### [Activity]
Exactly as written, output each of the lines below, with no images.

*** Supplied material Section Begins ***

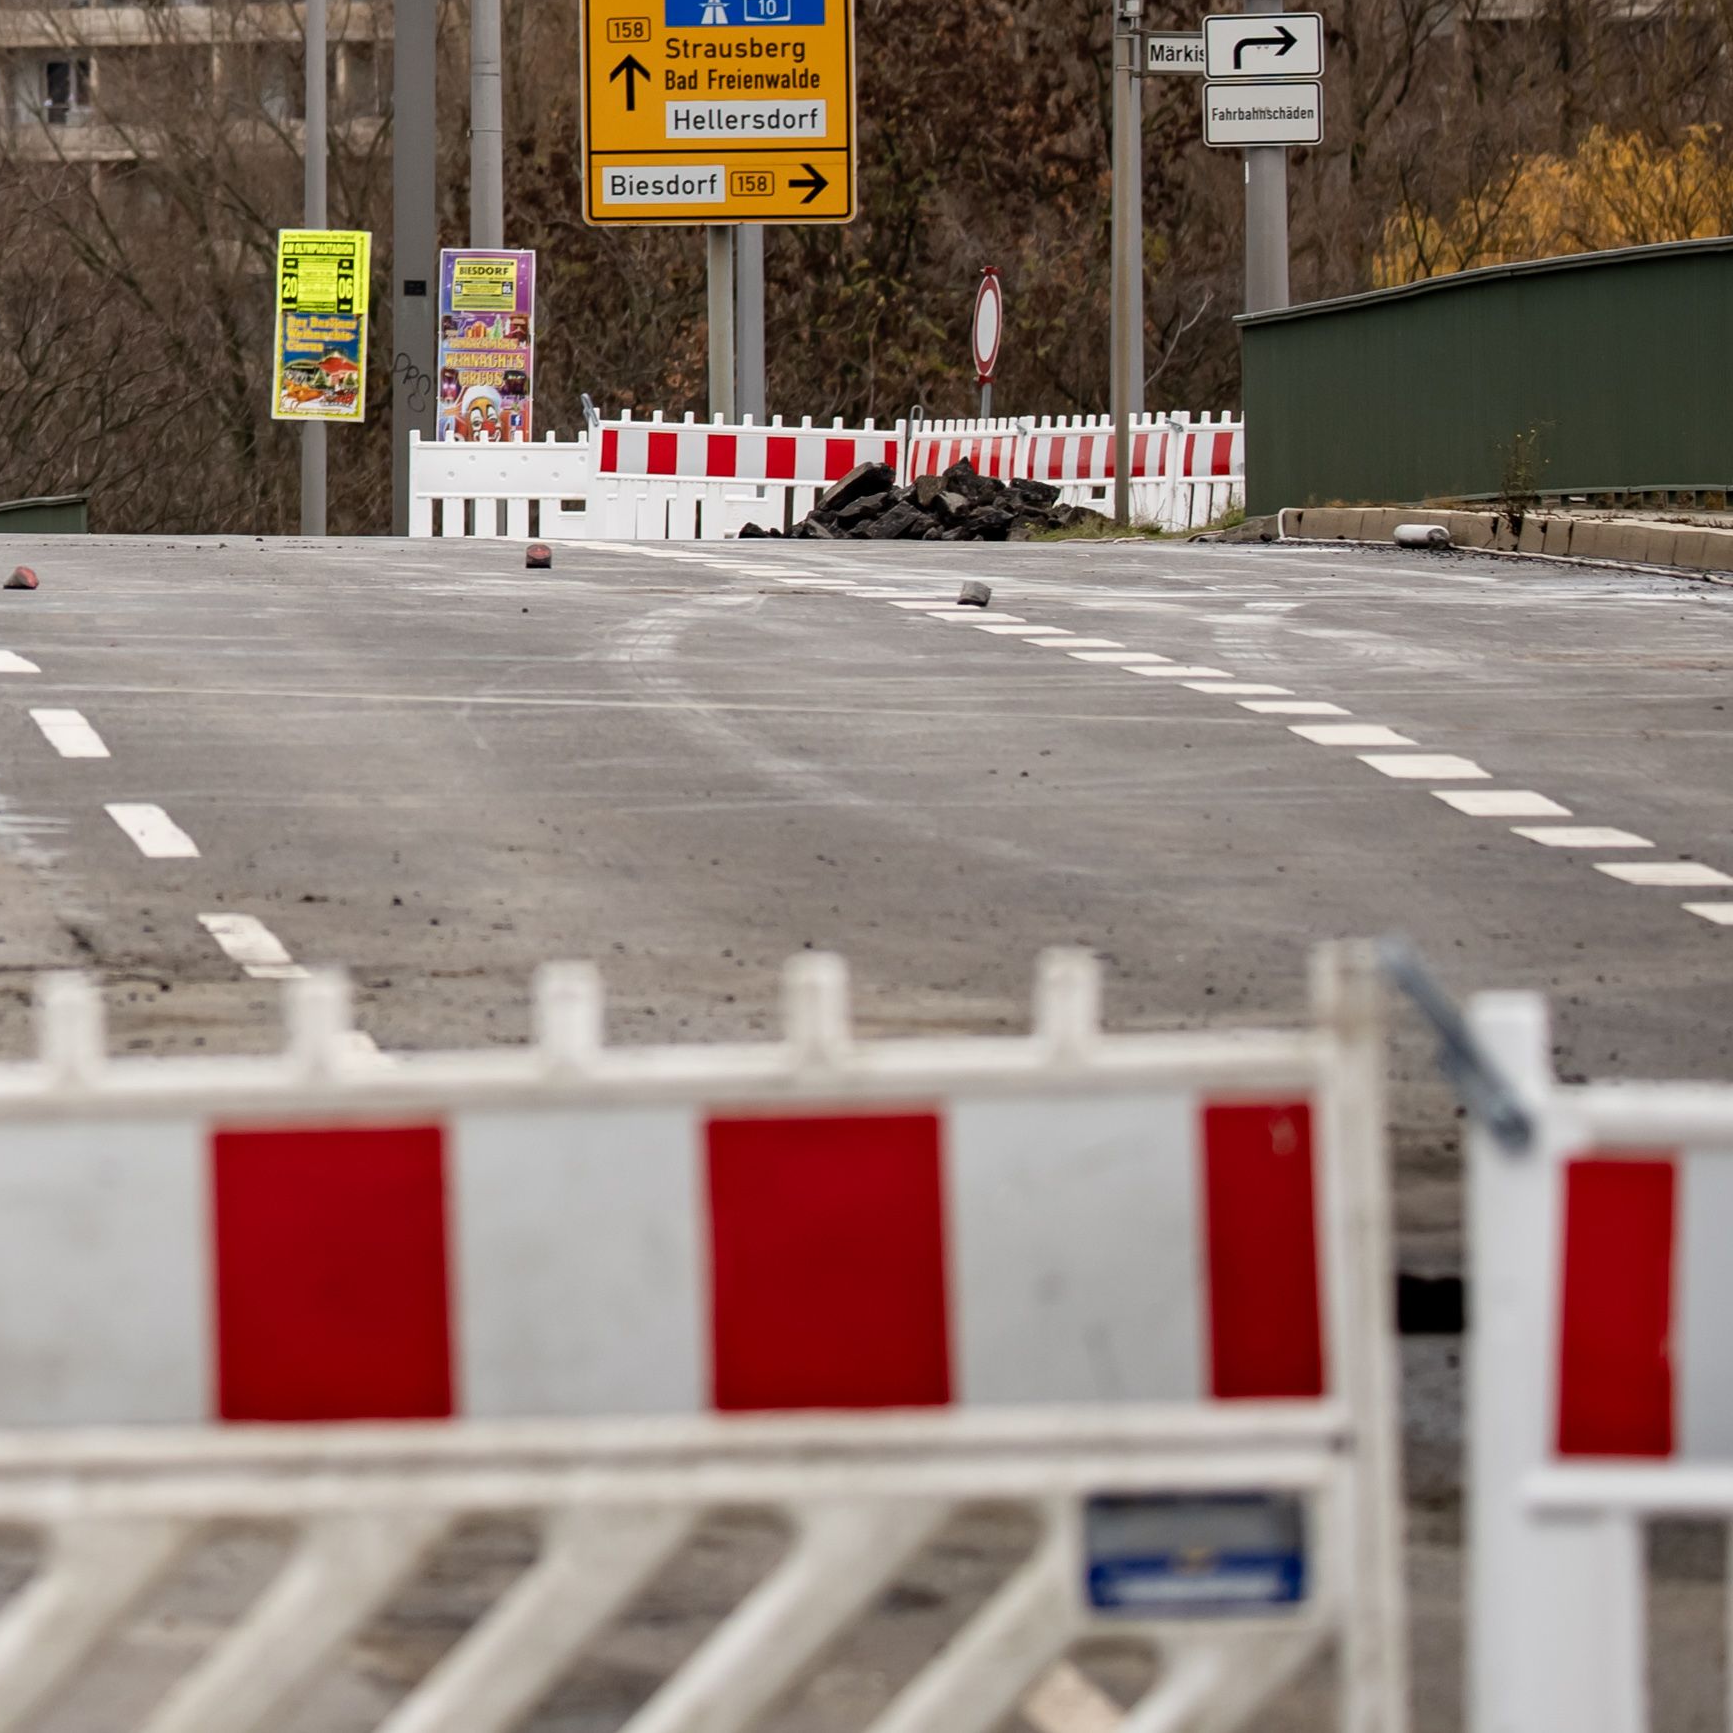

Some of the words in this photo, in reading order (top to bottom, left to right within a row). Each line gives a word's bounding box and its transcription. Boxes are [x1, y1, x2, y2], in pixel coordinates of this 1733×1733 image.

[612, 21, 645, 39] 158
[665, 37, 806, 63] Strausberg
[665, 69, 698, 90] Bad
[708, 68, 821, 90] Freienwalde
[673, 108, 819, 131] Hellersdorf
[1212, 105, 1315, 122] Fahrbahnschäden
[610, 173, 718, 197] Biesdorf
[736, 175, 768, 193] 158
[459, 266, 509, 276] BIESDORF
[283, 276, 298, 299] 20
[338, 277, 353, 300] 06
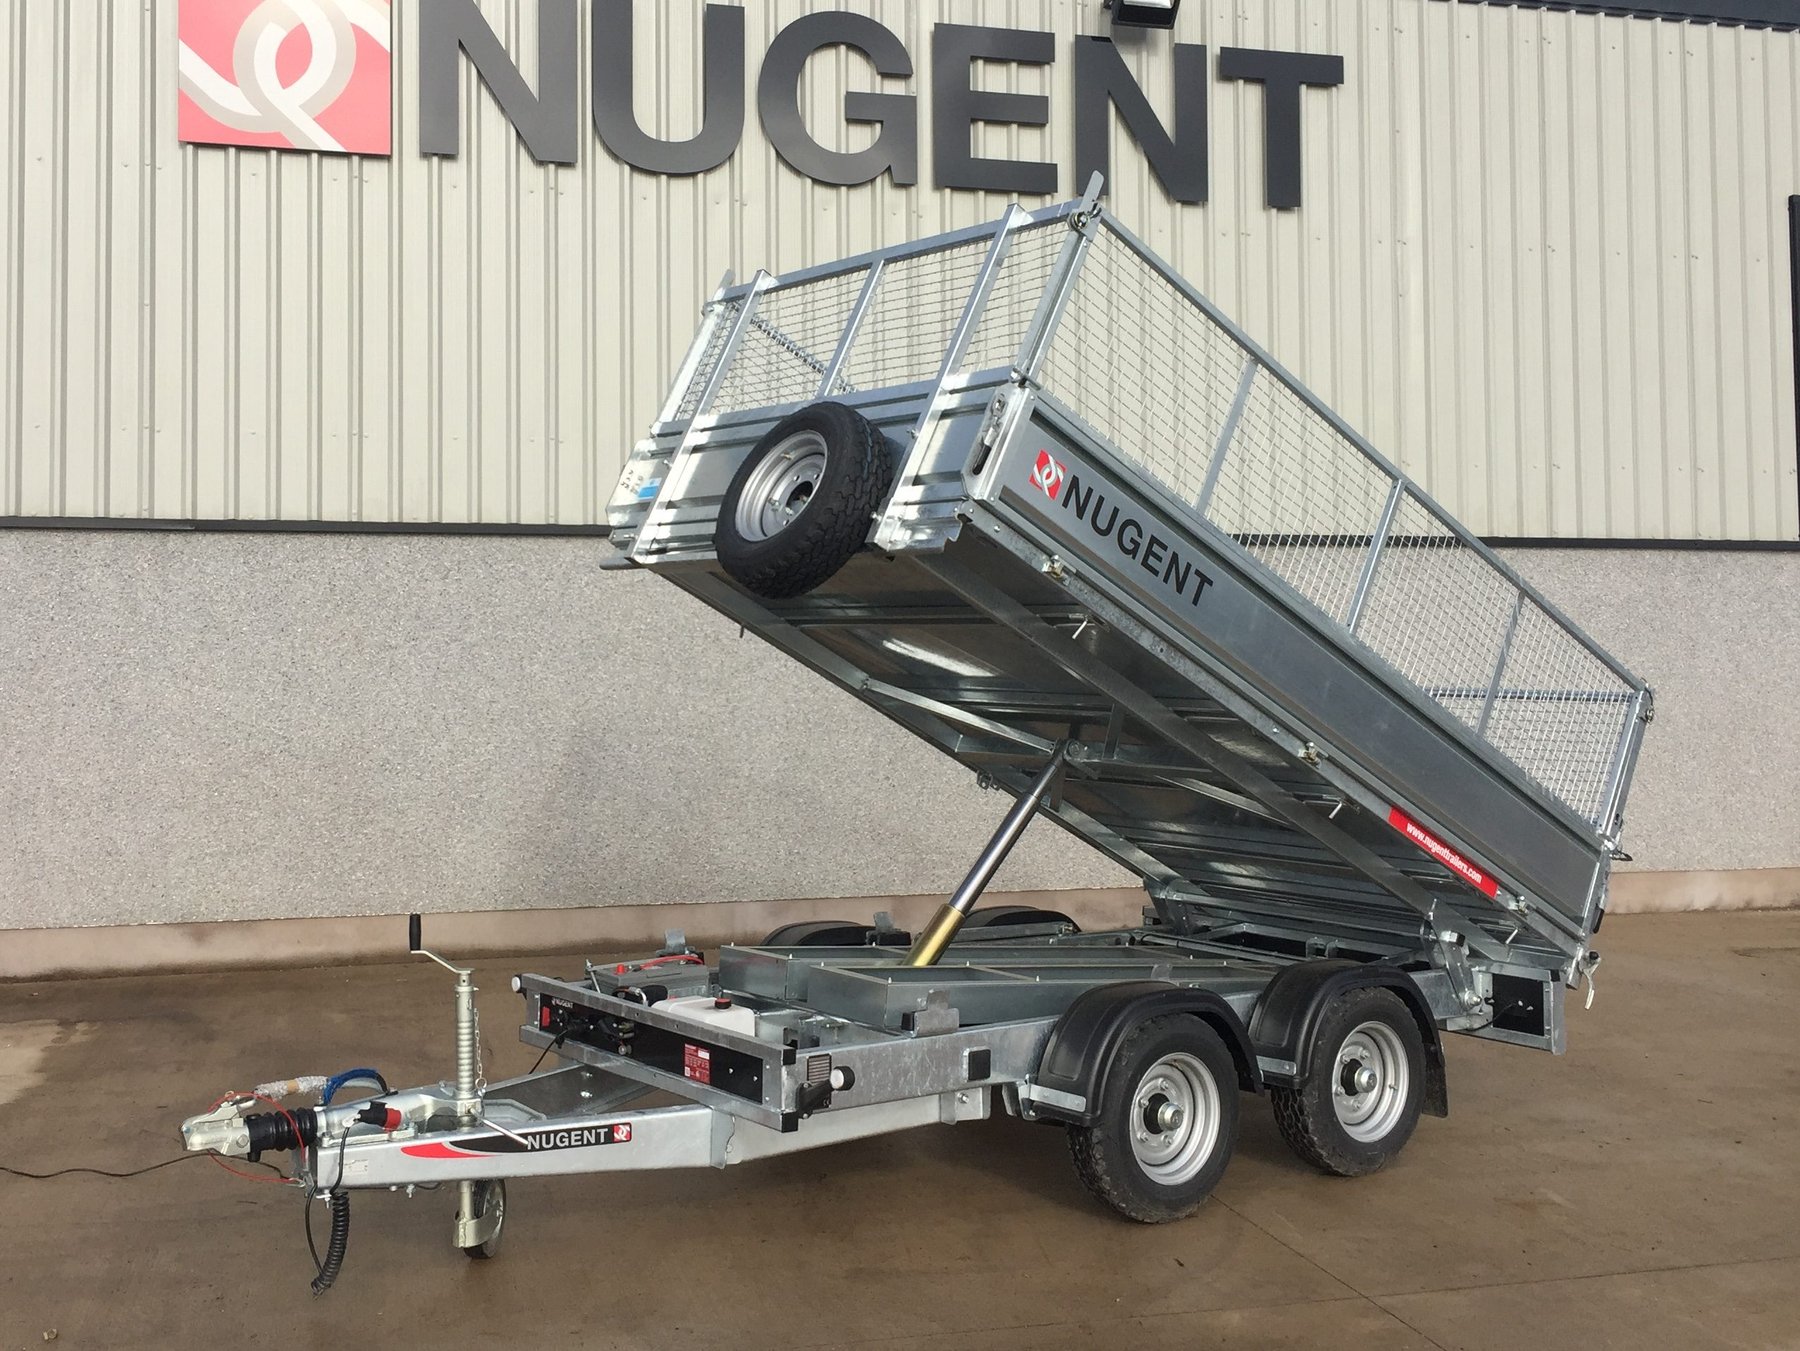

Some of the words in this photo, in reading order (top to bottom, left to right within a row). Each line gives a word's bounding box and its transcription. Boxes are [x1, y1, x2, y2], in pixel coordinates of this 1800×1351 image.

[419, 0, 1344, 209] NUGENT
[1062, 475, 1213, 606] NUGENT
[1406, 822, 1482, 884] www.nugenttrailers.com
[527, 1128, 608, 1150] NUGENT

*** Supplied material Section Ends ***

### [Result]
Some of the words in this photo, in reading order (top to bottom, left to right within a row). Each line gives a word's bounding box and its transcription. Boxes are [x1, y1, x2, y2], in pixel coordinates of this 1733×1733 image.

[612, 21, 645, 39] 158
[665, 37, 806, 63] Strausberg
[665, 69, 698, 90] Bad
[708, 68, 821, 90] Freienwalde
[673, 108, 819, 131] Hellersdorf
[1212, 105, 1315, 122] Fahrbahnschäden
[610, 173, 718, 197] Biesdorf
[736, 175, 768, 193] 158
[459, 266, 509, 276] BIESDORF
[283, 276, 298, 299] 20
[338, 277, 353, 300] 06

Some of the words in this photo, in reading order (top to bottom, left to right within a row). Each line gives a word's bounding box and its transcription. Boxes are [x1, y1, x2, y2], in pixel coordinates of this 1800×1351 image.

[419, 0, 1344, 209] NUGENT
[1062, 475, 1213, 606] NUGENT
[1406, 822, 1482, 884] www.nugenttrailers.com
[527, 1128, 608, 1150] NUGENT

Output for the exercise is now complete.